We synthesized a fluorescent derivative of the tridecapeptide
neurotensin (NT), with the aim of providing a new tool for the pharmacological characterization and anatomic localization of NT receptors in mammalian brain. Fluoresceinylated NT (N alpha-fluoresceinyl thiocarbamyl (
FTC)-[Glu1]NT;
fluo-NT) was synthesized using solid-phase methodology and purified to 99% homogeneity by preparative high-pressure liquid chromatography (HPLC).

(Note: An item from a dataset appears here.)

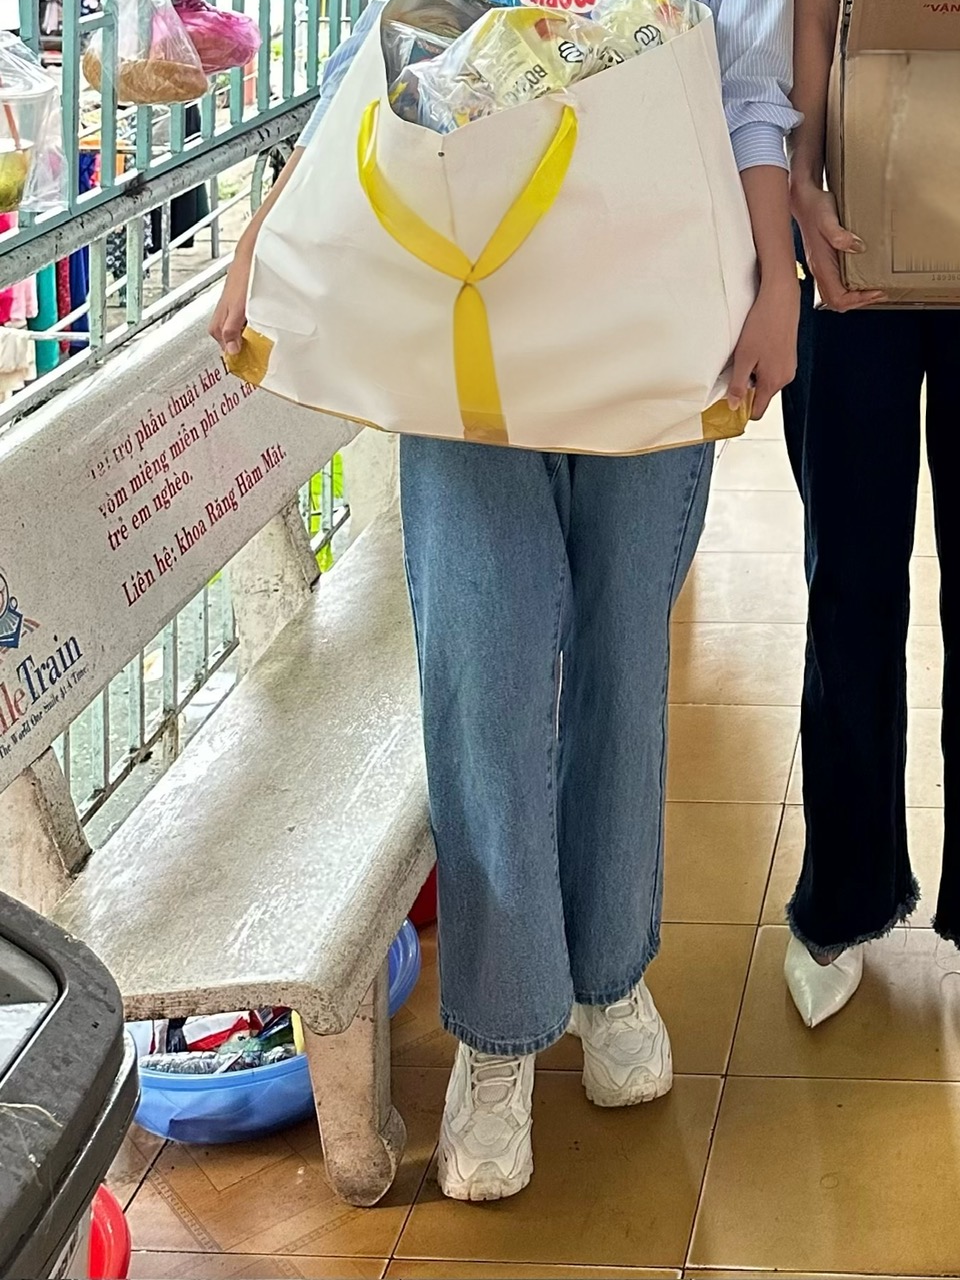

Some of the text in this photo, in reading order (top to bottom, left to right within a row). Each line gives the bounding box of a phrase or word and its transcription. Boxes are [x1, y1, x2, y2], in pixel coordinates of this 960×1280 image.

Analytical HPLC, acidic and
carboxypeptidase Y hydrolysis, and fast atom bombardment-mass spectroscopy confirmed that the purified compound was selectively labeled on the [Glu1] terminus and that a single
FTC moiety was coupled to each molecule of [Glu1]NT. Flow cytometric analysis of the binding of
fluo-NT to SN17 septal
neuroblastoma cells indicated that the fluorescent derivative bound neural NT receptors with an affinity comparable to that of monoiodinated NT([125I]-NT). Competition experiments on mouse brain membrane preparations showed
fluo-NT to inhibit specific [125I]-NT binding with a coefficient of inhibition (KI) virtually identical to that of the native
peptide (0.67 vs 0.55 nM). Conventional epifluorescence and confocal microscopic analysis of specific
fluo-NT binding to sections of the rat midbrain revealed a topographic distribution of the bound fluorescent
ligand similar to that previously observed with autoradiography using [125I]-NT. However,
fluo-NT provided markedly higher cell resolution and enabled, in particular, the detection of hitherto unnoted intracytoplasmic receptor clusters. Binding of
fluo-NT to live SN17 hybrid cells indicated that the fluorescent
ligand had retained its ability to internalize in vivo and confirmed that this internalization process was both time- and temperature-dependent. In sum, the present study demonstrates that
fluo-NT is applicable to both the pharmacological study of NT binding sites using flow cytometry and to the regional and cellular localization of these sites by conventional epifluorescence and confocal microscopy.